Exercise goal: The answer is the full set of records, given again exactly and without images.

(Supplied data begins)

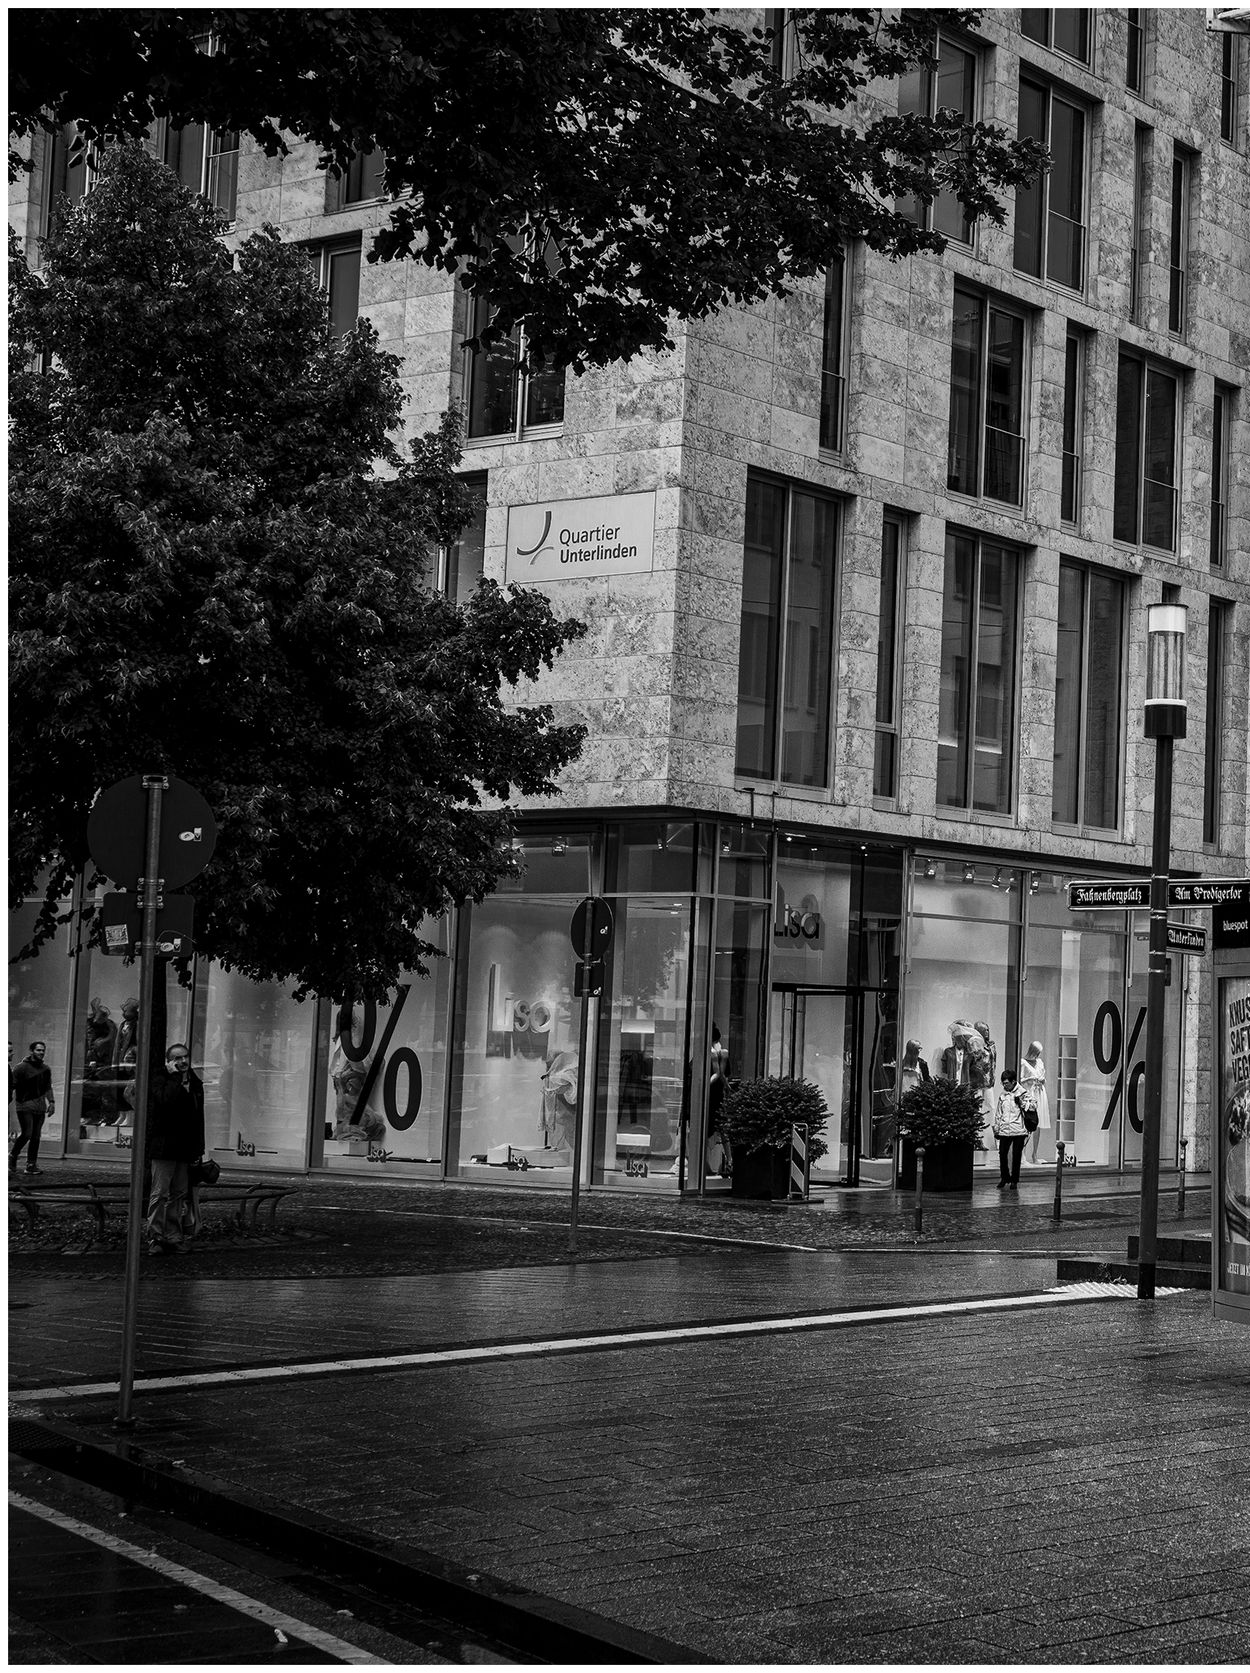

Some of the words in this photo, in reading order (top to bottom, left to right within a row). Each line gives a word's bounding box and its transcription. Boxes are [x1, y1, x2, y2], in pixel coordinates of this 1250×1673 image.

[559, 524, 621, 547] Quartier
[560, 543, 637, 564] Unterlinden
[1076, 887, 1142, 905] Fahnenbergplatz
[1174, 886, 1191, 900] Am
[1193, 885, 1243, 903] Predigertor
[1222, 919, 1249, 933] bluespot
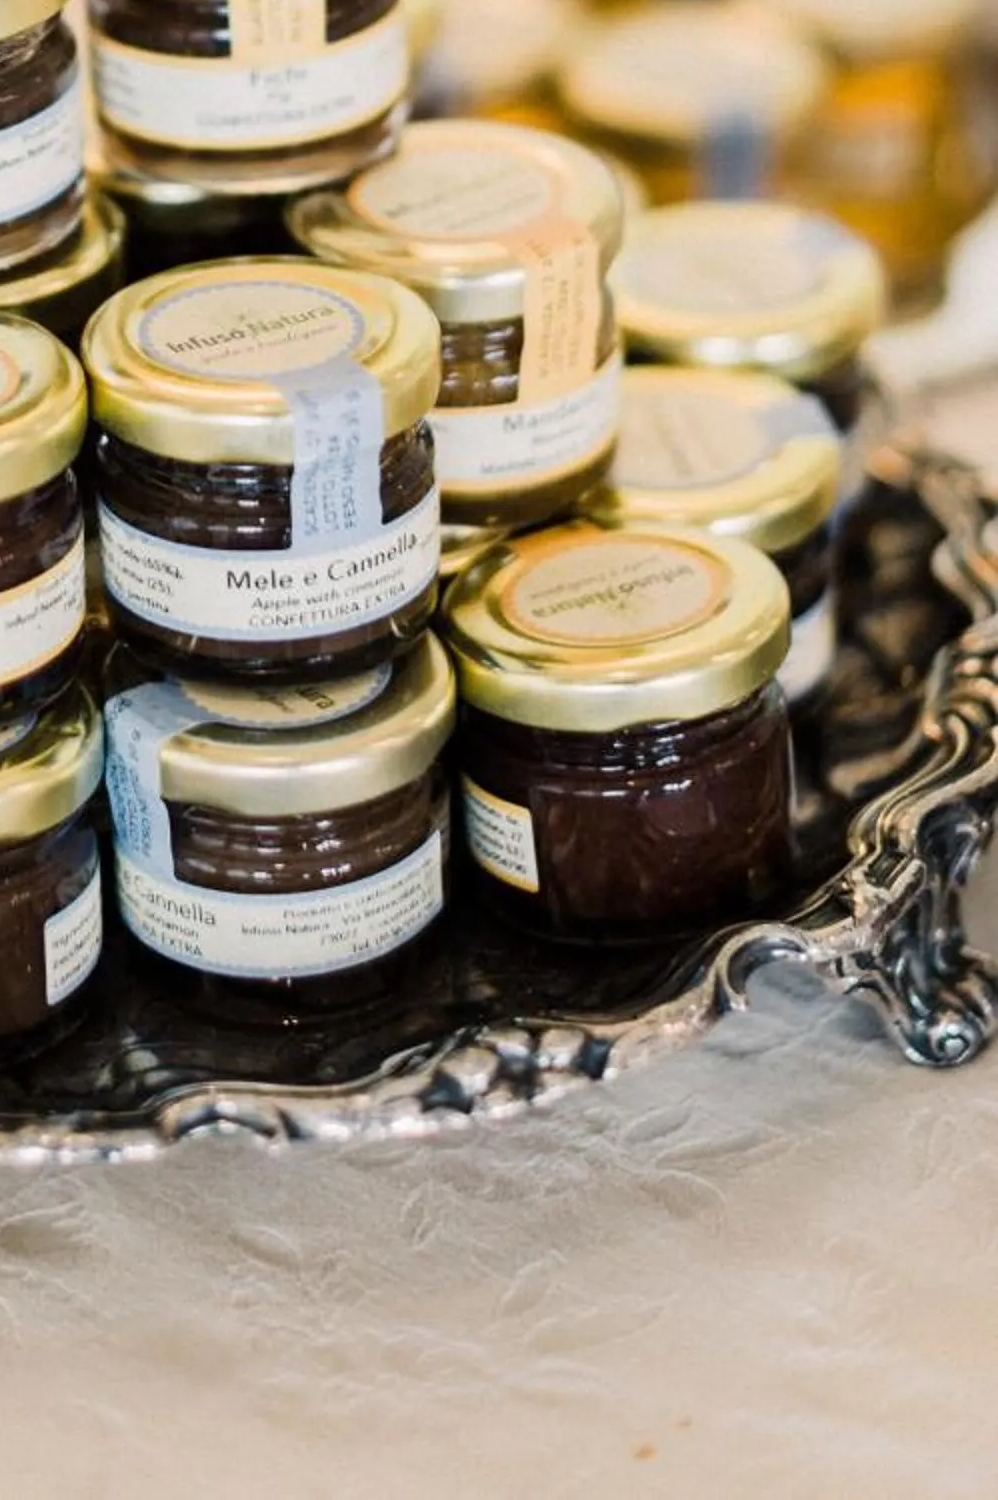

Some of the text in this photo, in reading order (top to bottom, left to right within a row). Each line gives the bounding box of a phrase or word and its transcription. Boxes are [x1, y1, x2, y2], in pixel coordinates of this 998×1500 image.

[165, 328, 247, 356] Infuso
[248, 305, 336, 337] Natura
[225, 531, 419, 592] Mele e Cannella
[247, 584, 407, 629] CONFETTURA EXTRA
[252, 596, 300, 612] Apple
[304, 587, 341, 607] with
[133, 873, 218, 926] Cannella
[160, 930, 204, 958] EXTRA
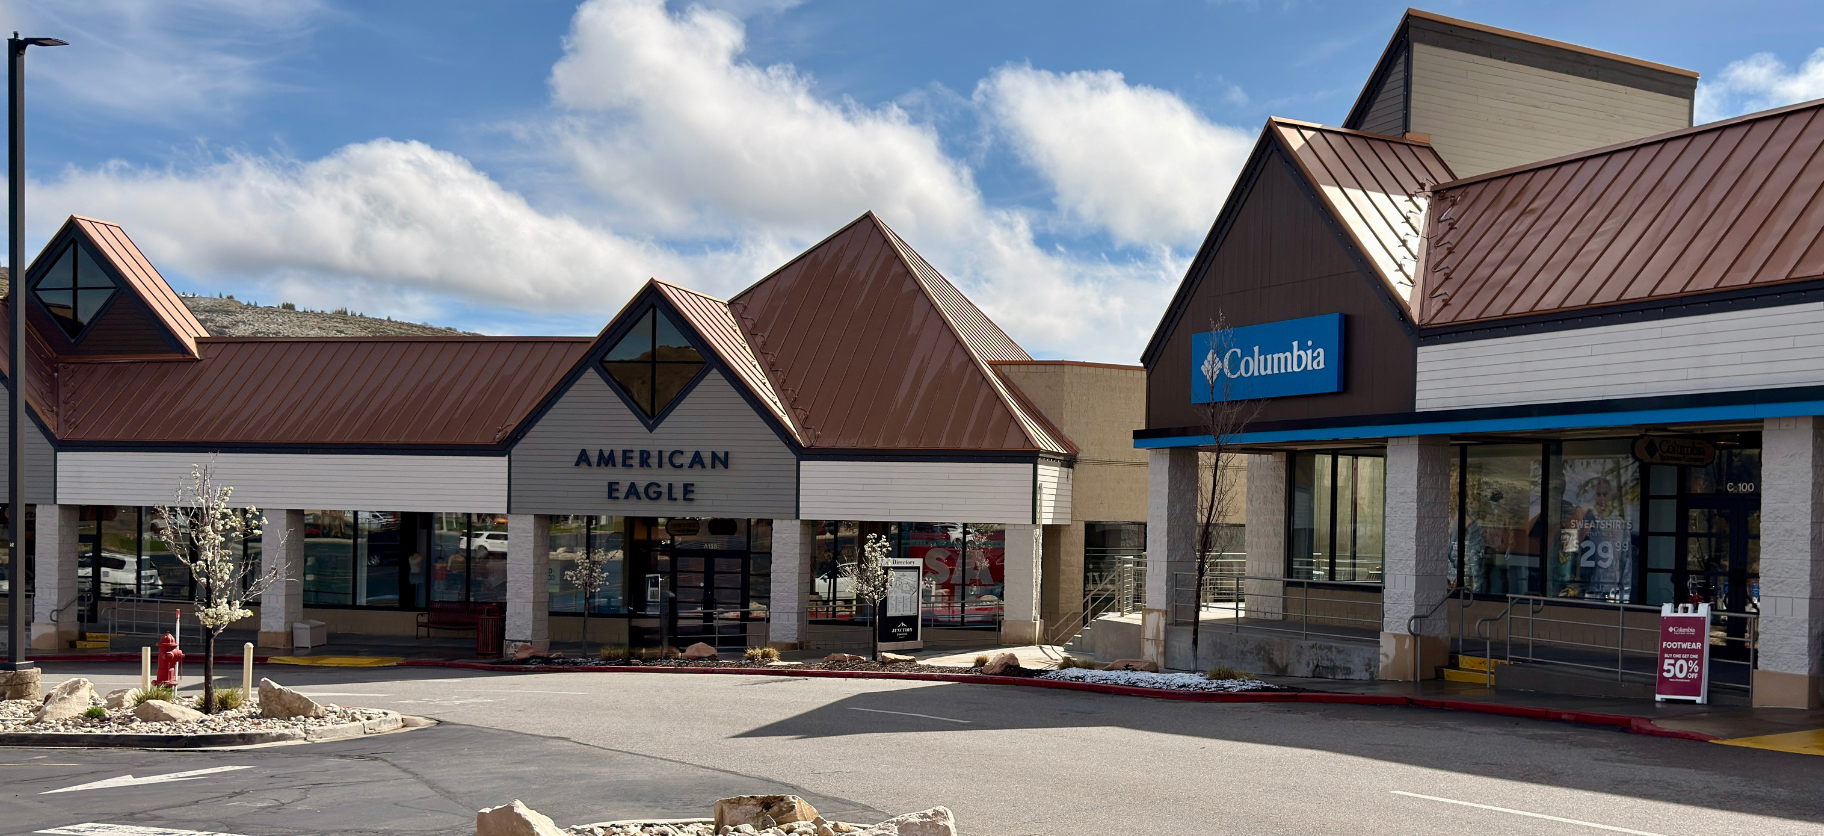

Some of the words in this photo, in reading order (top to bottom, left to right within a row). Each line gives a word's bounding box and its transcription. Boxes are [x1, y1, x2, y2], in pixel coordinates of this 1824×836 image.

[1223, 340, 1325, 379] Columbia
[574, 449, 729, 469] AMERICAN
[607, 482, 695, 501] EAGLE
[1570, 519, 1633, 529] SWEATSHIRTS
[892, 559, 915, 567] Directory
[1662, 659, 1699, 678] 50%

(Supplied data ends)

Solution to this task:
Some of the words in this photo, in reading order (top to bottom, left to right within a row). Each line gives a word's bounding box and its transcription. Boxes are [x1, y1, x2, y2], in pixel coordinates of this 1250×1673 image.

[559, 524, 621, 547] Quartier
[560, 543, 637, 564] Unterlinden
[1076, 887, 1142, 905] Fahnenbergplatz
[1174, 886, 1191, 900] Am
[1193, 885, 1243, 903] Predigertor
[1222, 919, 1249, 933] bluespot

Some of the text in this photo, in reading order (top to bottom, left to right within a row). Each line gives the bounding box of a phrase or word and its transcription. Boxes are [x1, y1, x2, y2], in pixel coordinates of this 998×1500 image.

[165, 328, 247, 356] Infuso
[248, 305, 336, 337] Natura
[225, 531, 419, 592] Mele e Cannella
[247, 584, 407, 629] CONFETTURA EXTRA
[252, 596, 300, 612] Apple
[304, 587, 341, 607] with
[133, 873, 218, 926] Cannella
[160, 930, 204, 958] EXTRA

Some of the words in this photo, in reading order (top to bottom, left to right within a row). Each line gives a word's bounding box and its transcription. Boxes are [x1, y1, x2, y2], in pixel coordinates of this 1824×836 image.

[1223, 340, 1325, 379] Columbia
[574, 449, 729, 469] AMERICAN
[607, 482, 695, 501] EAGLE
[1570, 519, 1633, 529] SWEATSHIRTS
[892, 559, 915, 567] Directory
[1662, 659, 1699, 678] 50%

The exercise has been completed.